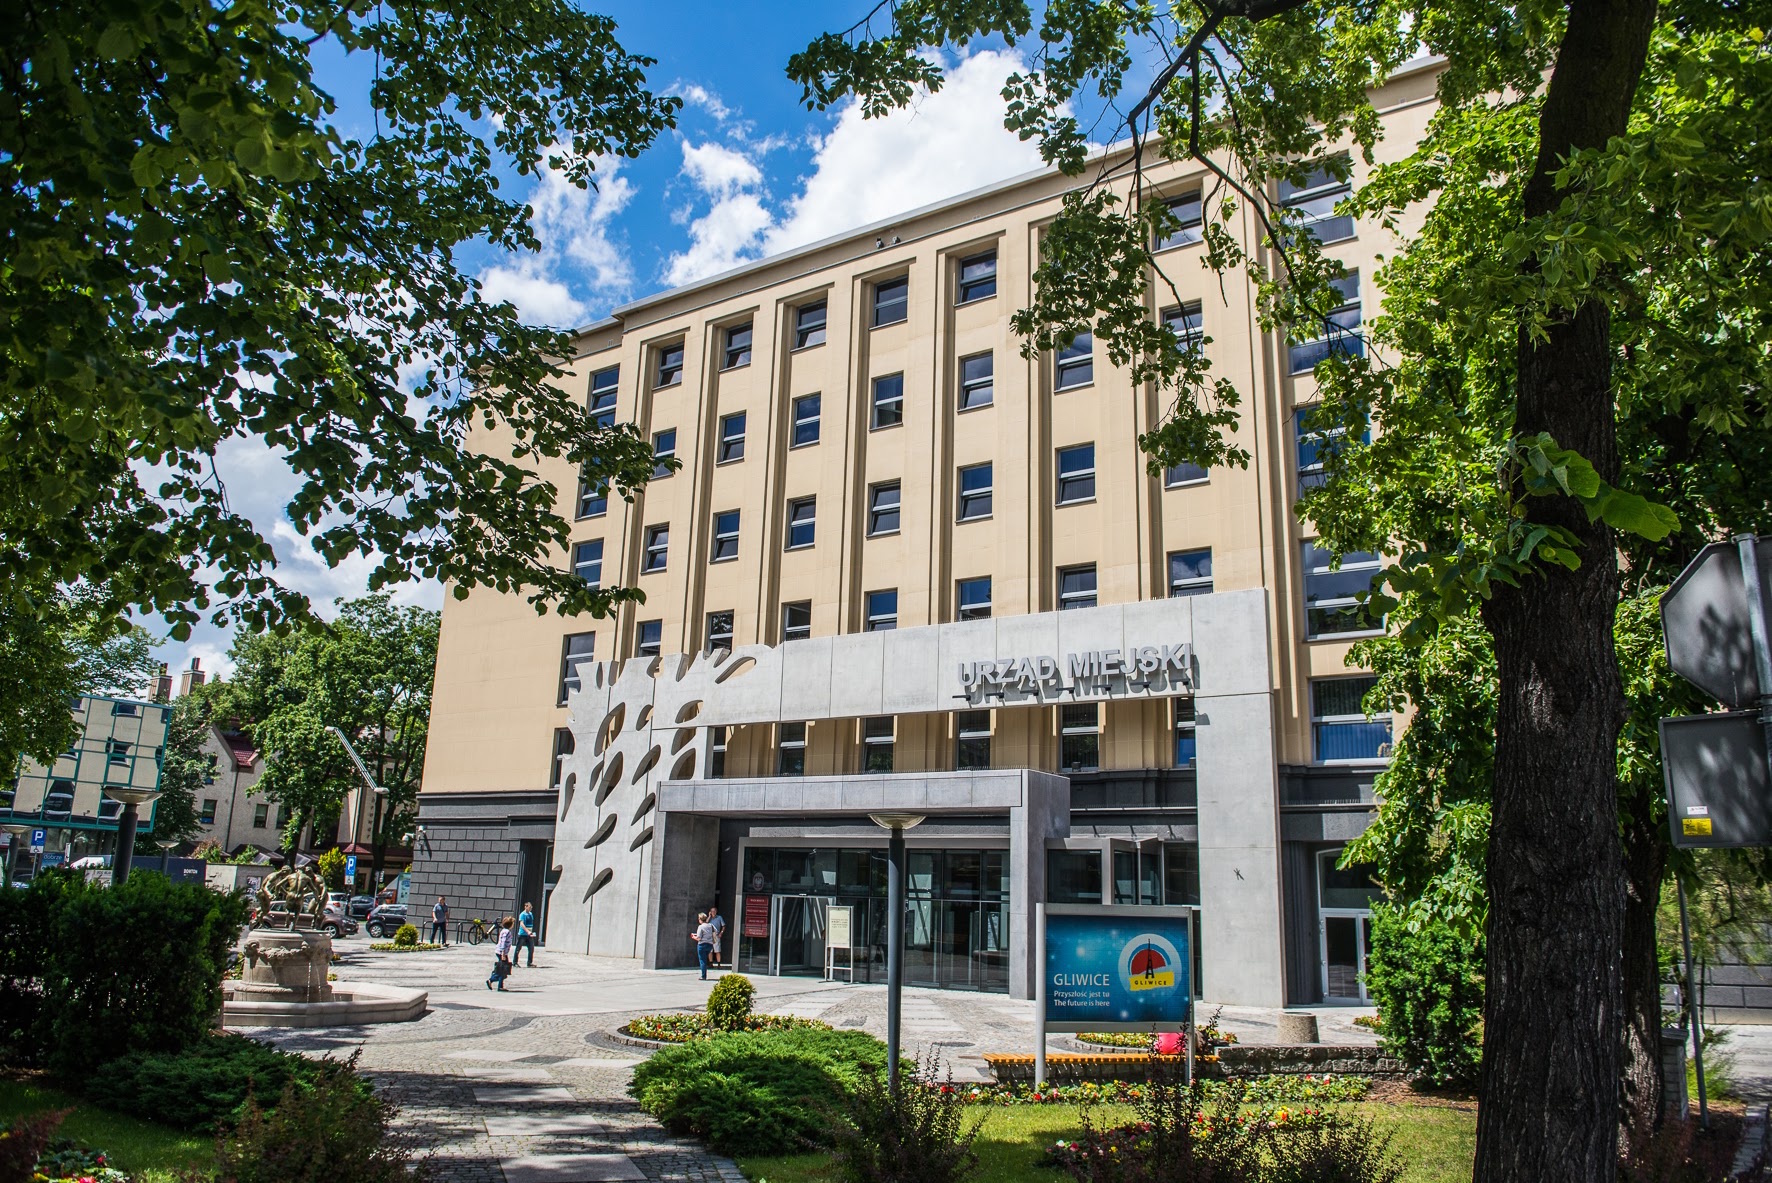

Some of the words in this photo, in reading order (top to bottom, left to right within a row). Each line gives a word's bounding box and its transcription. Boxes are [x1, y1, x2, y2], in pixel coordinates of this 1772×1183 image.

[957, 655, 1057, 687] URZĄD
[1067, 643, 1191, 679] MIEJSKI
[34, 830, 44, 841] P
[347, 858, 354, 870] P
[1053, 973, 1110, 986] GLIWICE
[1089, 990, 1101, 998] jest
[1054, 999, 1067, 1007] The
[1067, 999, 1088, 1007] future
[1088, 999, 1094, 1007] is
[1095, 999, 1110, 1007] here

⁂

▸ **Work to be completed**
Without carrying over any pictures, retype the records above exactly.

▸ **Output for this task**
Some of the words in this photo, in reading order (top to bottom, left to right within a row). Each line gives a word's bounding box and its transcription. Boxes are [x1, y1, x2, y2], in pixel coordinates of this 1772×1183 image.

[957, 655, 1057, 687] URZĄD
[1067, 643, 1191, 679] MIEJSKI
[34, 830, 44, 841] P
[347, 858, 354, 870] P
[1053, 973, 1110, 986] GLIWICE
[1089, 990, 1101, 998] jest
[1054, 999, 1067, 1007] The
[1067, 999, 1088, 1007] future
[1088, 999, 1094, 1007] is
[1095, 999, 1110, 1007] here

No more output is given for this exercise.